Part D - Directive Programming

OpenACC

Show how to generate parallel code using the compiler
Show how to minimize copies between host and device using directives

OpenACC | Example | Memory Transfers | Tips | Exercises


Directive programming is a well-established straightforward technique for guiding the compiler in generating parallel code.  This technique passes hints to the compiler, which generates its own code accordingly where possible.  The compiler may or might not satisfy all requests. 

OpenACC is the programming standard for directing compilers in their generation of parallel code for accelerators.  These accelerators may include not only GPUs, but also many-core CPUs.  Compilers that implement this standard are commercially available from The Portland Group (PGI), Cray Corporation and CAPS Enterprise.  PGI is currently owned by Nvidia.

This chapter introduces the OpenACC API available from the Portland Group, demonstrates the use of OpenACC directives in generating parallel code from serial code, demonstrates how to minimize memory transfers between the host and provides a few tips for maximizing accelerator performance.


OpenACC

The OpenACC standard describes compiler directives, library routines and environment variables for expressing parallelism in C, C++ and Fortran programs and offloading code to accelerators.  The currently supported release of OpenACC is version 2.0a.  The standard is available at http://www.openacc.org/sites/default/files/OpenACC%202%200.pdf

Each OpenACC directive starts with the following prefix

 #pragma acc

#pragma identifies a compiler directive, while acc identifies the directive as an OpenACC directive. 
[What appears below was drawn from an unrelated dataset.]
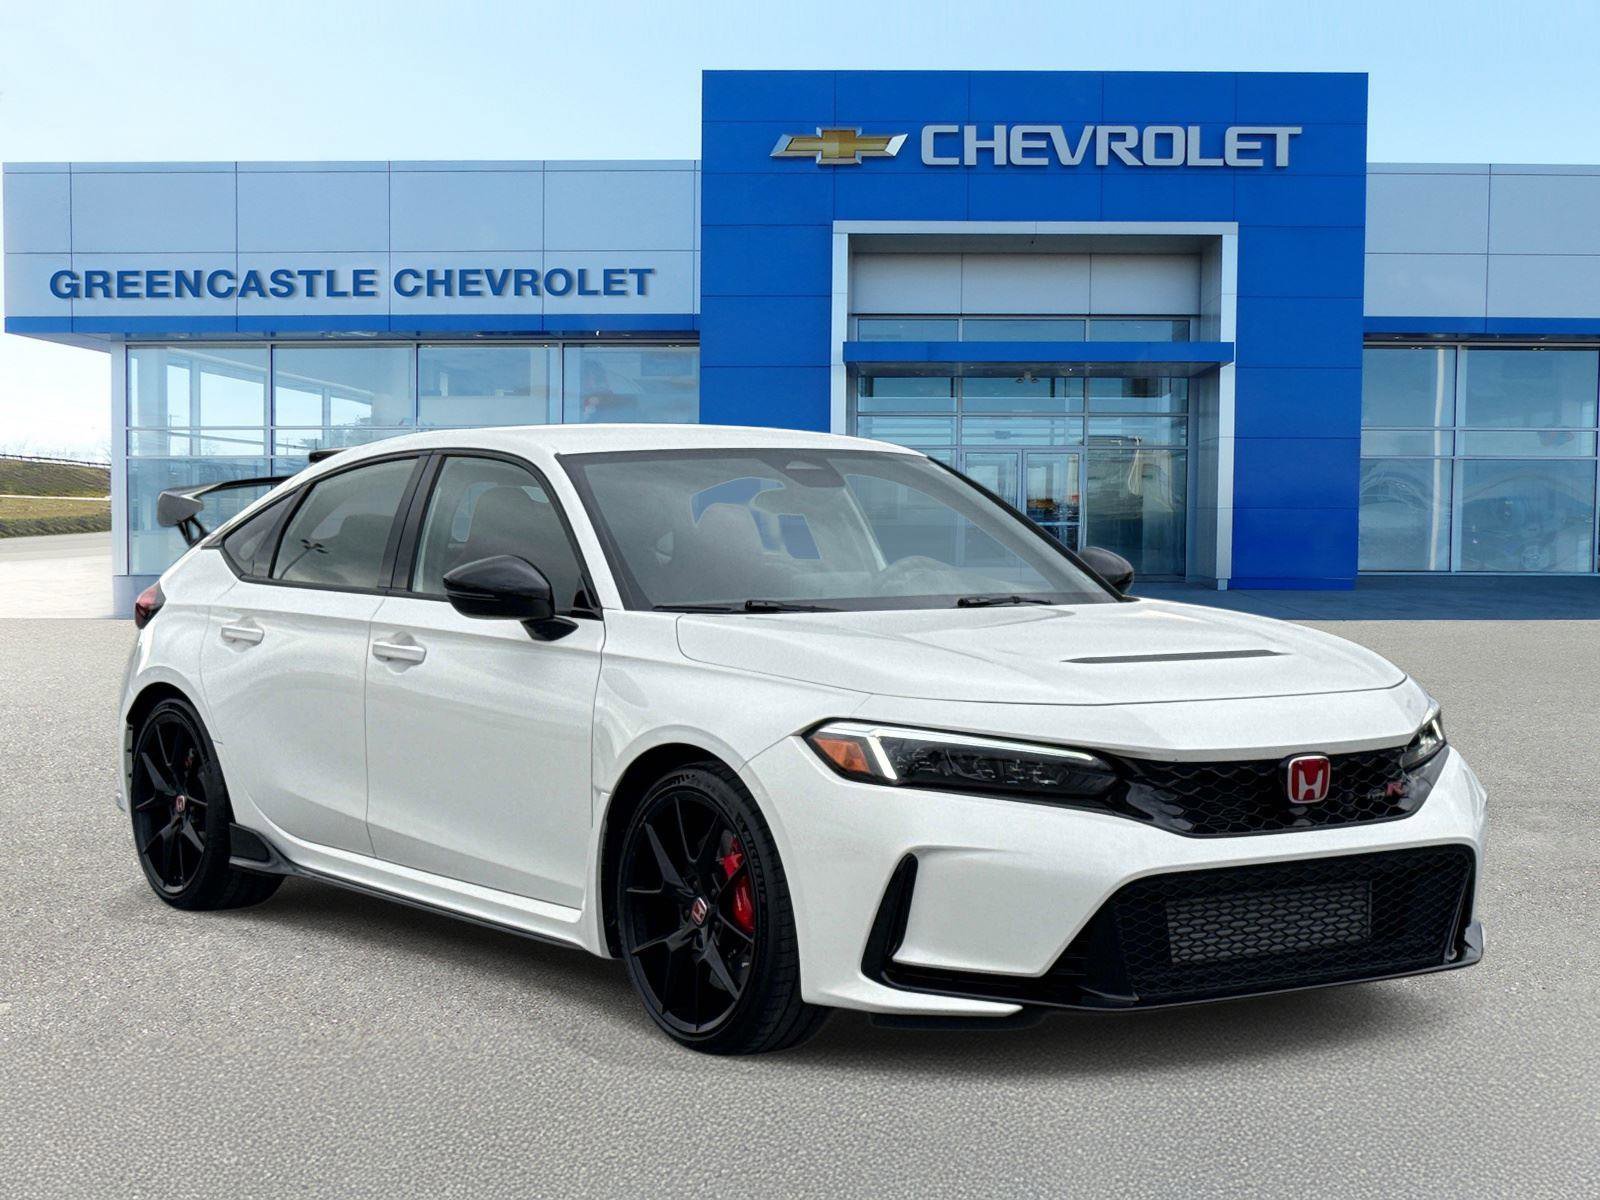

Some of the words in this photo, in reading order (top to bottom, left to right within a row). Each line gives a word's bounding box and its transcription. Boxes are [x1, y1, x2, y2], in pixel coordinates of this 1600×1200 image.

[921, 125, 1302, 167] CHEVROLET
[49, 269, 377, 299] GREENCASTLE
[393, 268, 655, 298] CHEVROLET
Most OpenACC directives apply to the structured block of code immediately following the directive:

 #pragma acc ...
 for (int i = 0; i < n; i++) {
        a[i] = i * i;
 }  // end of the directive's scope 

The OpenACC execution model defines three levels: gangs, workers and vectors.  The correspondence to CUDA levels is implementation dependent.  Two possible correspondences are shown below.
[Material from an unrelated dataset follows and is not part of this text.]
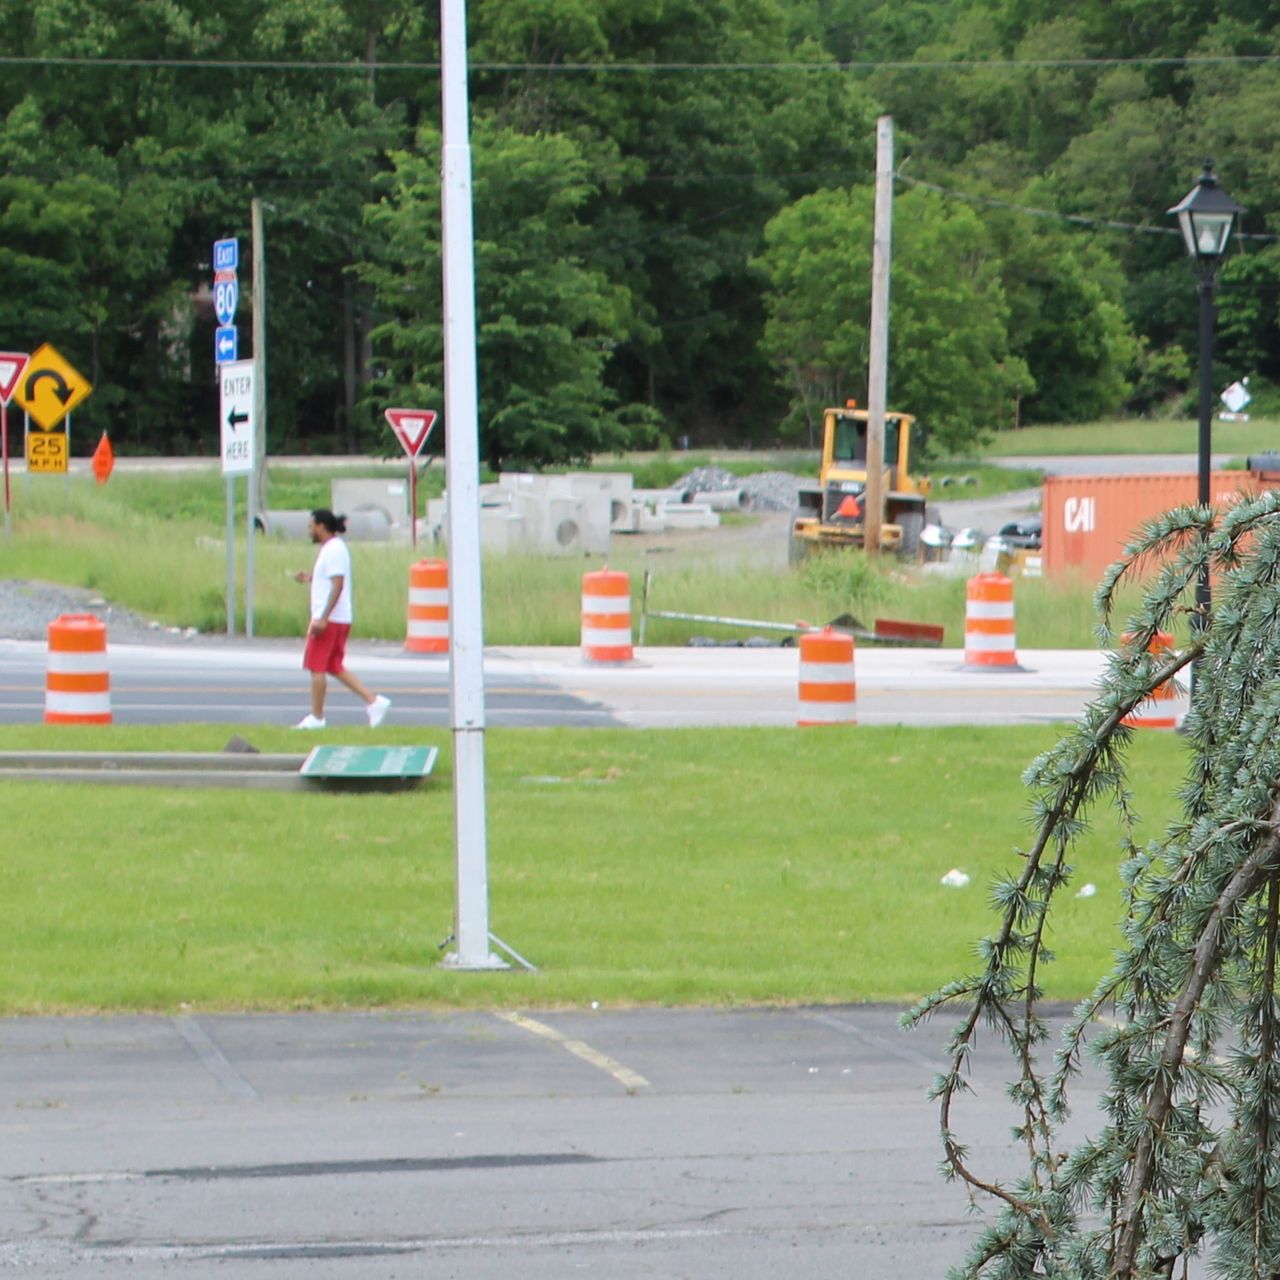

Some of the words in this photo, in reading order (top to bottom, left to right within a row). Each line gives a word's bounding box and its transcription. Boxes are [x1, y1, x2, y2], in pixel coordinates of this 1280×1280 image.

 OpenACC   CUDA (a)  CUDA (b) 
 gang   block   block 
 worker   warp   --- 
 vector   threads of a warp   threads of a block 

C Syntax

A complete OpenACC directive takes the form

 #pragma acc construct [clause[,], clause ...] new-line

construct is a placeholder that defines the type of construct.  clause is a placeholder for the construct's qualifiers.  The brackets identifies a directive option.

Constructs

OpenACC constructs include:

  • parallel - launches a number of gangs that execute in parallel

  • loop - describes the type of parallelism to use on the immediately following loop and its nested loops
  • data - defines a region of the program within which data is accessible by the accelerator

  • kernels - identifies loops to be executed on the accelerator, typically a sequence of operations

parallel assumes that the code is safe to parallelize and requires that the programmer ensures that the code is indeed safe.  kernel performs a parallel analysis and parallelizes what the compiler accepts as safe to parallelize.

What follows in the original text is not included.